Opinion
March 27, 2001.
Order, Supreme Court, New York County (Sheila Abdus-Salaam, J.), entered February 3, 2000, which granted plaintiff's motion to strike defendants' answer and directed the parties to proceed to inquest, at which defendants are to be precluded from affirmatively offering any evidence, unanimously affirmed, with costs.
Eric Vaughn-Flam, for plaintiff-respondent.
Richard C. Agins, for defendants-appellants.
Before: Rosenberger, J.P., Williams, Tom, Lerner, Buckley, JJ.

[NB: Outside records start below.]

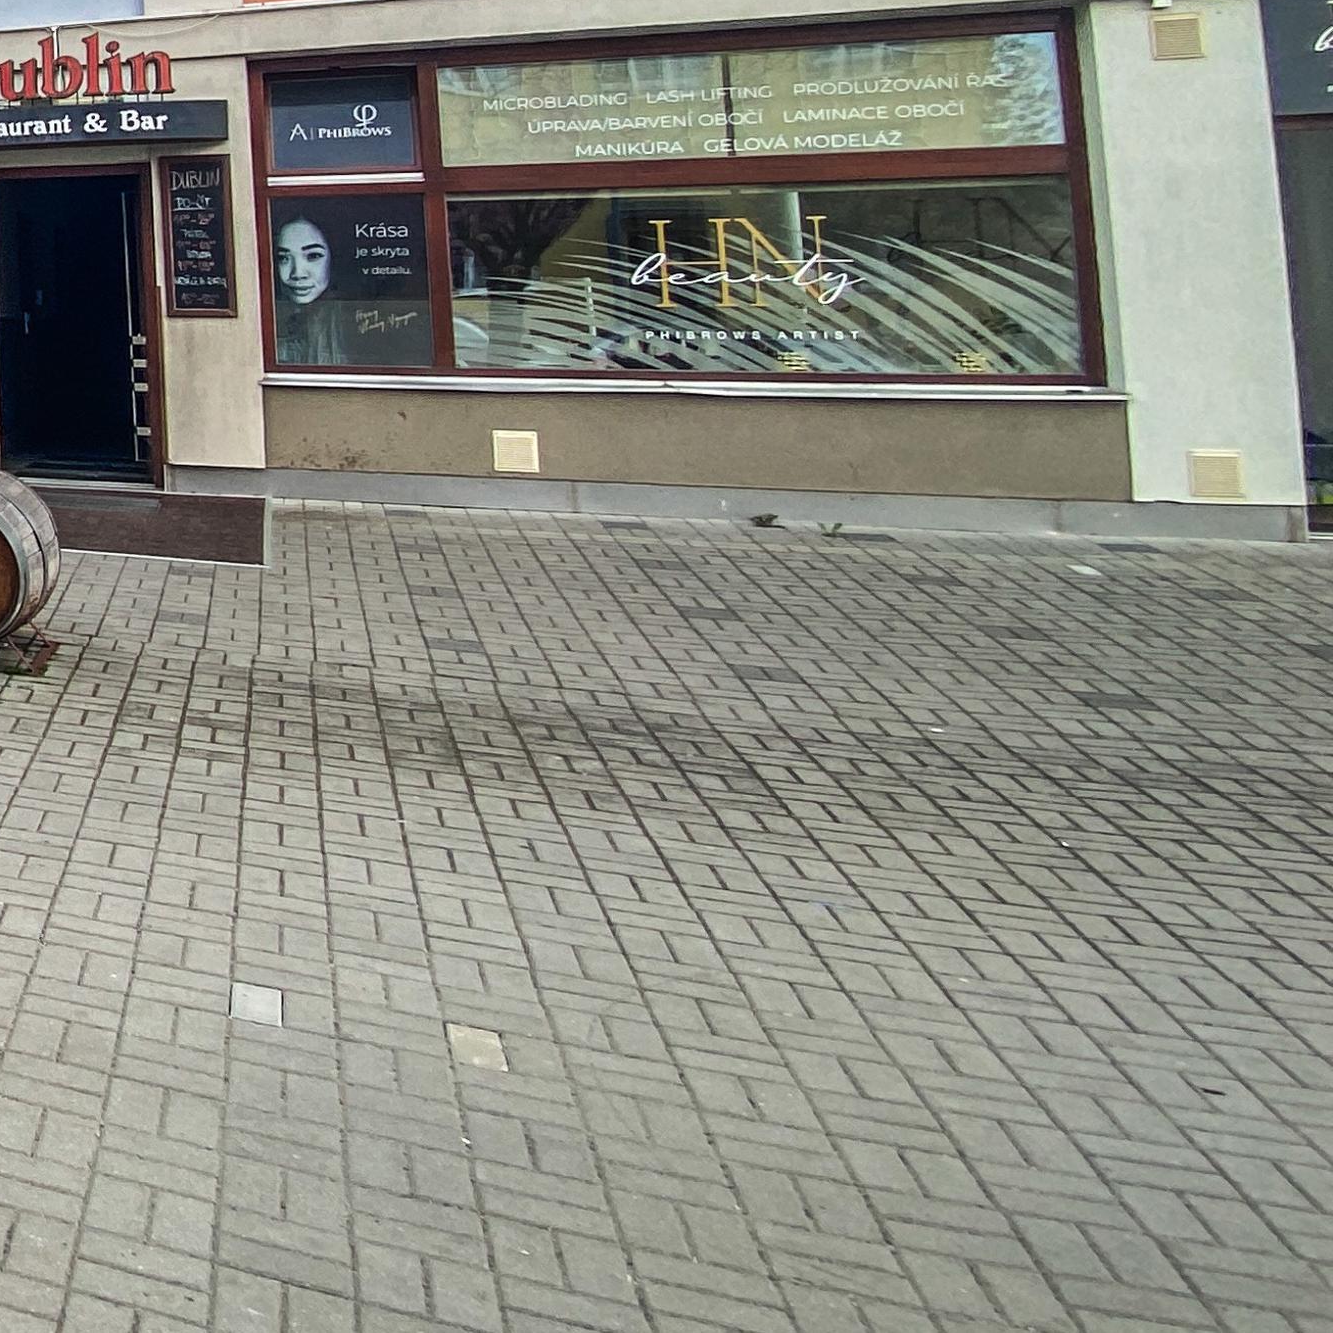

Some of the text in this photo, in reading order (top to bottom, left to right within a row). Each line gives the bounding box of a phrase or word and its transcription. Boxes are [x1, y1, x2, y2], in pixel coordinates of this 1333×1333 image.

[483, 92, 627, 112] MICROBLADING
[645, 89, 695, 103] LASH
[700, 84, 773, 102] LIFTING
[793, 73, 960, 96] PRODLUŽOVÁNÍ
[83, 112, 108, 133] &
[119, 109, 169, 132] Bar
[527, 99, 966, 134] ÚPRAVA/BARVENÍ OBOČÍ LAMINACE OBOČÍ
[703, 133, 789, 153] GELOVÁ
[794, 130, 903, 149] MODELÁŽ
[355, 222, 409, 238] Krása
[355, 246, 410, 258] je skryta
[362, 267, 369, 275] v
[631, 253, 867, 305] beauty
[645, 329, 860, 340] PHIBROWS ARTIST

The record clearly indicates that defendants' failure to comply with a preliminary conference order and two compliance conference orders, the last of which explicitly permitted an order to be entered striking defendants' answer if compliance were not forthcoming, was willful and contumacious. The individual defendant, who is alleged to be the principal of defendant corporations, in effect admits that he ignored the first two orders because he was otherwise preoccupied with his business concerns; he failed to move for a protective order within the time allotted in the third order; and his unsuccessful attempt at compliance with the third order, by directing his attorneys and his accountant to forward documents to plaintiff, well after the deadlines set by the court, and by denying that some of the damaged documents ever existed, does not evince good faith. Under the circumstances, the extreme sanction of striking defendants' answer, and precluding them from putting in any affirmative proof at inquest, is warranted (see, Zletz v. Wetanson, 67 N.Y.2d 711; Helms v. Gangemi, 265 A.D.2d 203).
THIS CONSTITUTES THE DECISION AND ORDER OF SUPREME COURT, APPELLATE DIVISION, FIRST DEPARTMENT.